Setor do transporte ganha cooperativa de crédito em PG
A Transpocred foi fundada nesta terça-feira na cidade, para atender o setor de transporte
O município de Ponta
Grossa será pioneiro no Estado do Paraná na instalação de uma cooperativa de
crédito: a Transpocred. Voltada exclusivamente ao setor do transporte, ela foi
fundada nesta terça-feira no município, após uma reunião com o Sindicato das Empresas
de Transporte de Cargas de Ponta Grossa (Sindiponta) e a Federação das Empresas
de Transporte de Cargas do Estado do Paraná, a Fetranspar. Fundada há vinte
anos e já presente nos estados de Santa Catarina e Rio Grande do Sul, Ponta
Grossa receberá a primeira unidade da Cooperativa Transpocred/CECRED no Paraná.
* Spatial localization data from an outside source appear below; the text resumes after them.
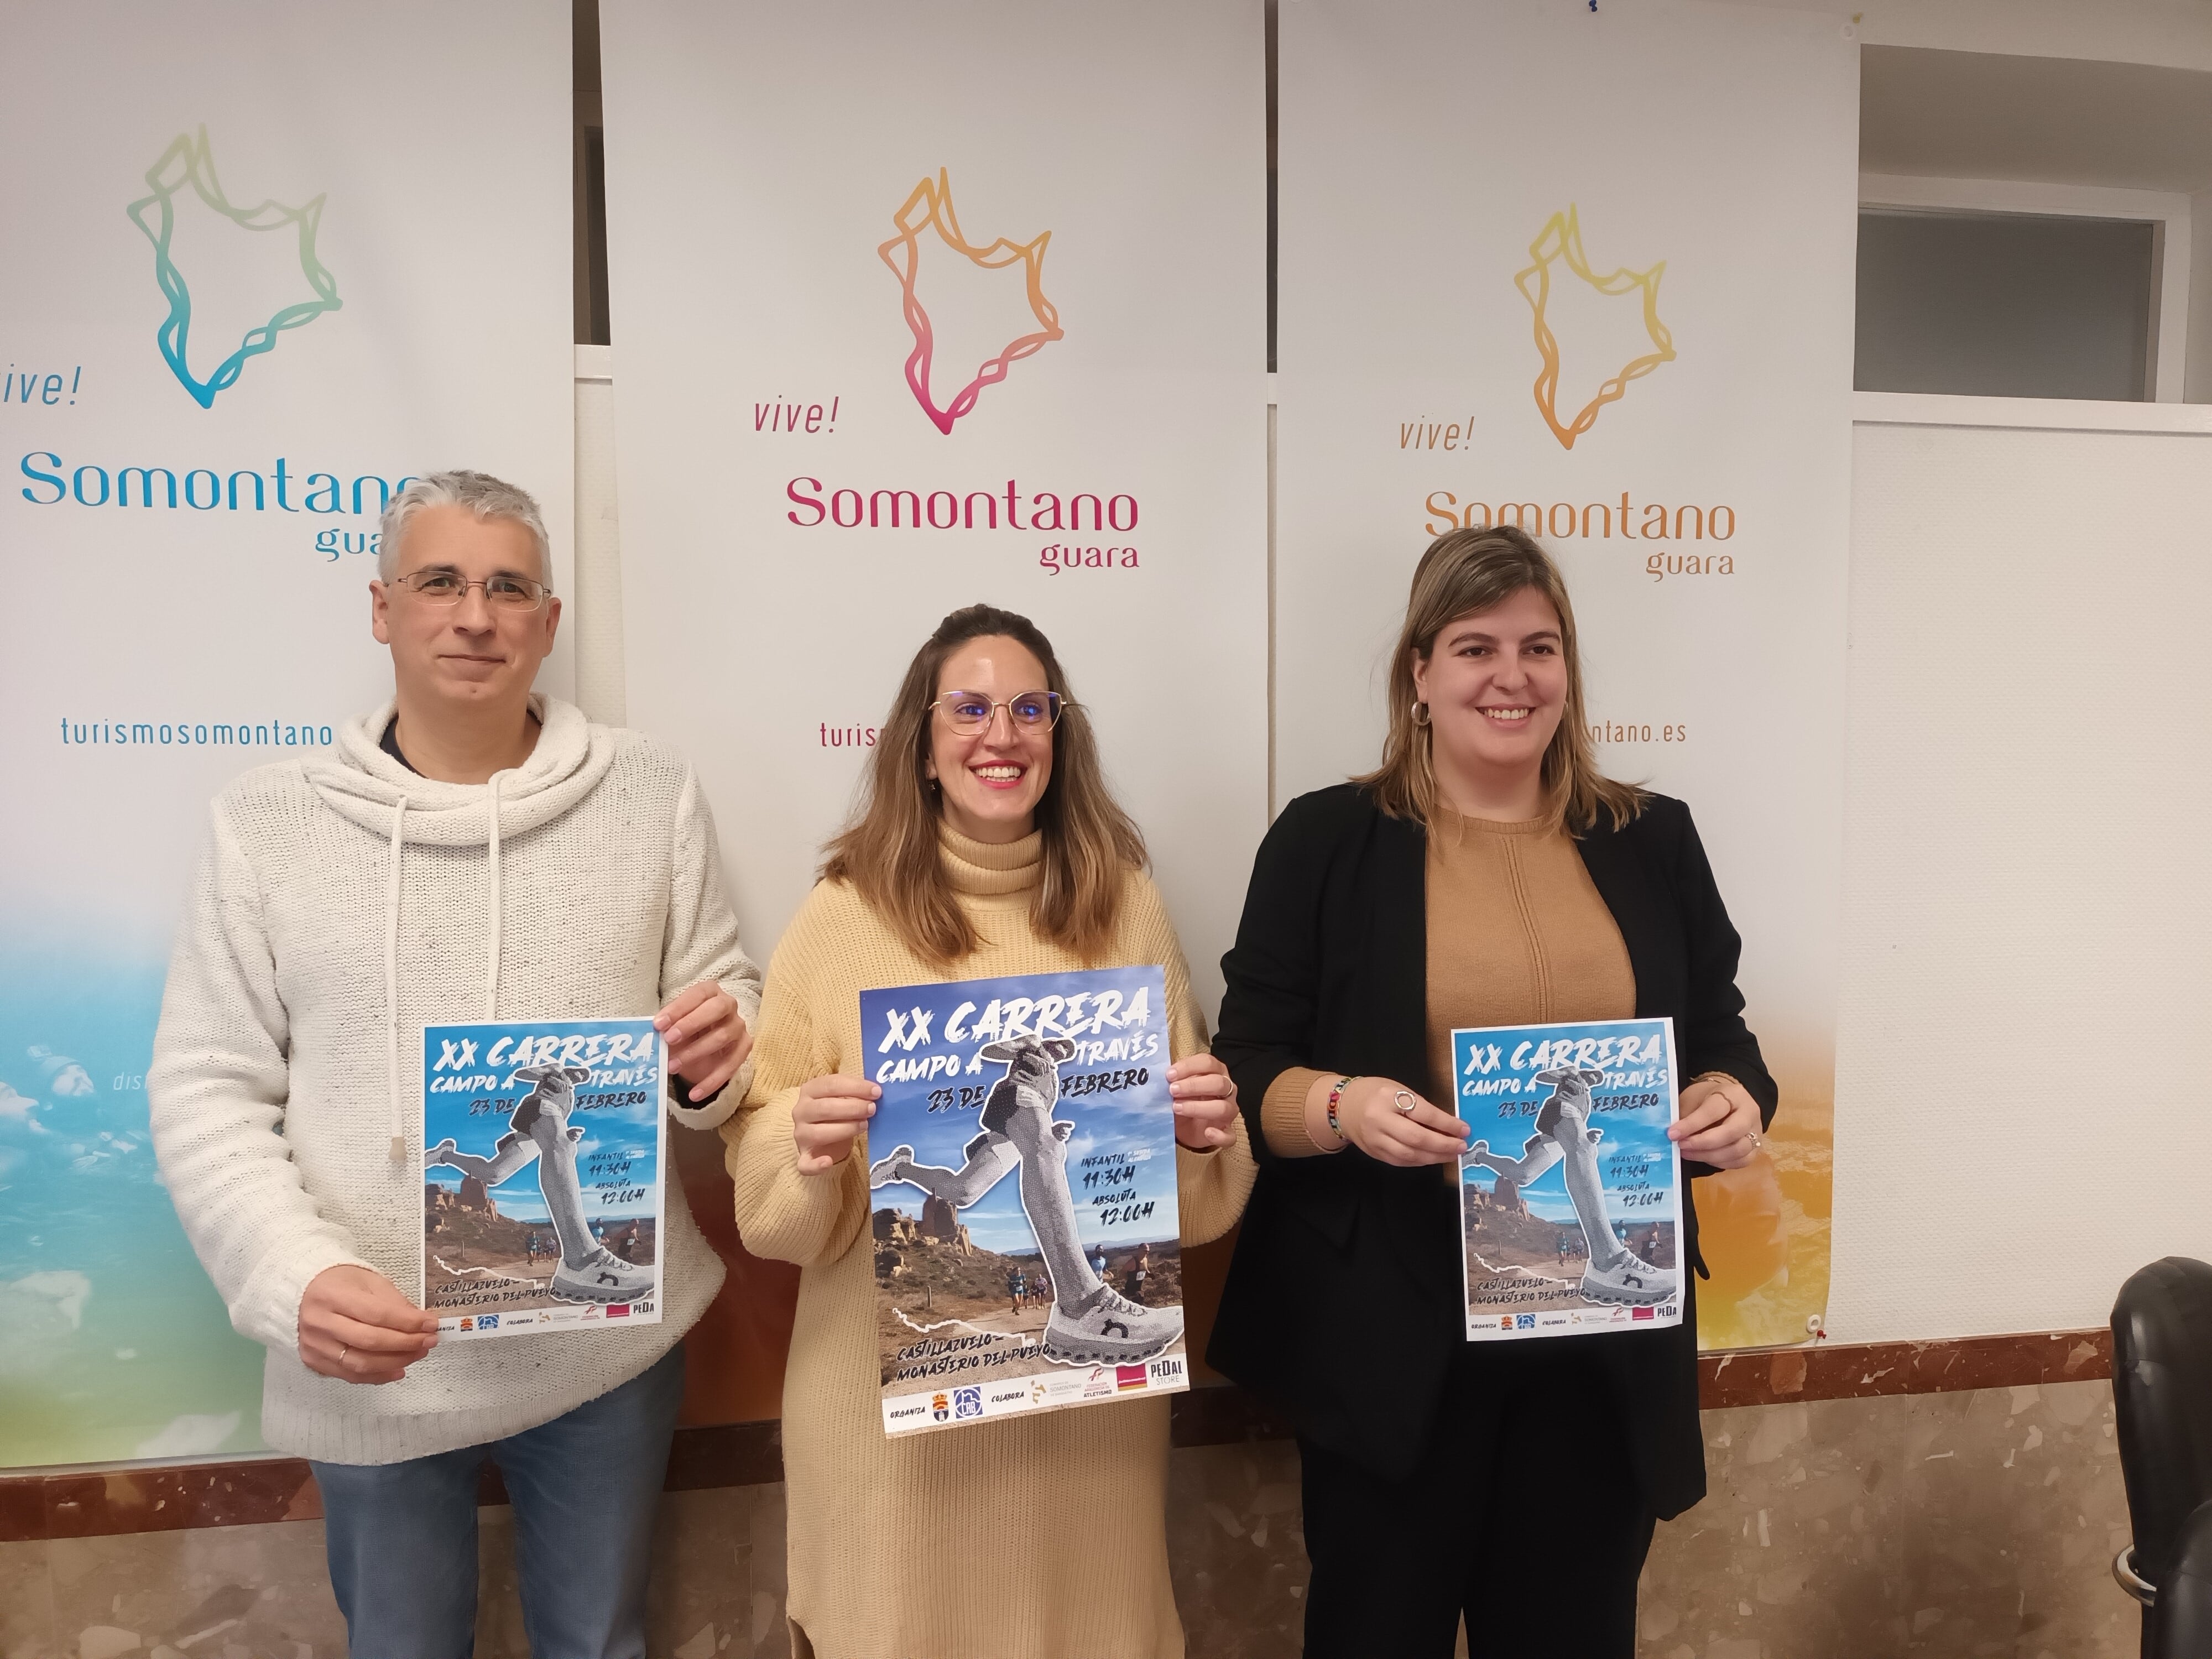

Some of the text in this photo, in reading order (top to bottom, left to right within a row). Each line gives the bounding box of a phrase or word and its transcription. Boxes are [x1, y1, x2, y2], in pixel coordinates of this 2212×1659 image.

[0, 363, 81, 405] ive!
[754, 394, 839, 434] vive!
[1400, 415, 1474, 451] vive!
[786, 477, 1139, 531] Somontano
[1425, 491, 1736, 540] Somontano
[315, 528, 383, 562] gua
[1039, 544, 1140, 576] guara
[1646, 552, 1735, 582] guara
[61, 717, 332, 745] turismosomontano
[820, 723, 885, 747] turis
[1593, 720, 1686, 743] ntano.es
[878, 987, 1150, 1053] XX CARRERA
[433, 1032, 654, 1071] XX CARRERA
[876, 1030, 1159, 1084] CAMPO A TRAVÉS
[1464, 1035, 1662, 1076] XX CARRERA
[113, 1072, 147, 1091] dis
[430, 1064, 658, 1093] CAMPO A TRAVÉS
[926, 1067, 1149, 1114] 23 DE FEBRERO
[1462, 1067, 1668, 1097] CAMPO A TRAVÉS
[468, 1091, 646, 1117] 23 DE FEBRERO
[1498, 1093, 1659, 1119] 23 DE FEBRERO
[588, 1152, 623, 1162] INFANTIL
[589, 1161, 632, 1177] 11:30H
[1081, 1154, 1125, 1168] INFANTIL
[596, 1178, 631, 1190] ABSOLUTA
[1083, 1165, 1136, 1190] 11:30H
[1617, 1181, 1650, 1192] ABSOLUTA
[601, 1188, 646, 1205] 12:00H
[1092, 1188, 1136, 1206] ABSOLUTA
[1100, 1201, 1155, 1227] 12:00H
[434, 1292, 499, 1308] MONASTERIO
[633, 1302, 654, 1314] PEDA
[1477, 1291, 1535, 1305] MONASTERIO
[1657, 1306, 1677, 1317] PEDA
[896, 1355, 979, 1381] MONASTERIO
[1151, 1360, 1182, 1378] PEDAL
[1156, 1375, 1181, 1385] STORE
[991, 1391, 1024, 1403] COLABORA
[1050, 1383, 1082, 1392] SOMONTANO
[890, 1406, 926, 1419] ORGANIZA
[962, 1401, 975, 1415] CAB
Será voltada não apenas às empresas que realizam transporte, mas também
empresas que prestam serviços a elas.
Para explicar
o projeto, o Presidente da Fetranspar, Sérgio Malucelli, esteve na redação do
Jornal da Manhã e do Portal aRede junto com o presidente do Sindiponta, Josmar
Richter, e o diretor do Sindiponta, que também será diretor da Cooperativa,
Mauri Bevervanço. Como eles explicaram, neste primeiro momento foi fundada a
Cooperativa. Agora começa um trabalho para a realização de um estudo de
desenvolvimento, para avaliar a área econômica e apurar quanto poderá ser
aberto de crédito. Só depois que iniciaria a captação de cooperados.
A escolha da
cidade, explica Malucelli, ocorreu pelo forte setor do transporte na cidade.
“Ponta Grossa é considerada a cidade que tem o maior número de caminhões por
habitantes, e consequentemente o maior número de trabalhadores no setor de
transporte. Nós temos em torno de 1,4 mil empresas entre Ponta Grossa e
municípios no entorno”, informa. Neste contexto, a cooperativa iria abranger
transportadoras de cargas e de pessoas (empresas de ônibus e vans), assim como
empresas que prestam serviços, como oficinas. “A cooperativa fará todos os
serviços bancários, com custo bem menor, e o objetivo de atender empresários,
transportadores autônomos e trabalhadores”, destaca Bevervanço.
Movimentação pode ser superior a R$ 150 milhões
O objetivo
inicial, segundo explica o presidente do Sindiponta é fazer com que os
funcionários tenham contas e possam receber através da cooperativa, movimentar
a conta. “A intenção é atender todo o setor, ainda sem oferecer financiamentos.
Mas com maior volume de recursos, há a possibilidade no futuro”, informa.
Assim, para o primeiro momento, haverá a contratação de, no mínimo três
funcionários. De início a cooperativa irá funcionar na sede do Sindiponta, para
depois mudar para um imóvel próprio. A estimativa é de que, quando consolidada,
chegue a marca de R$ 150 milhões em movimentação.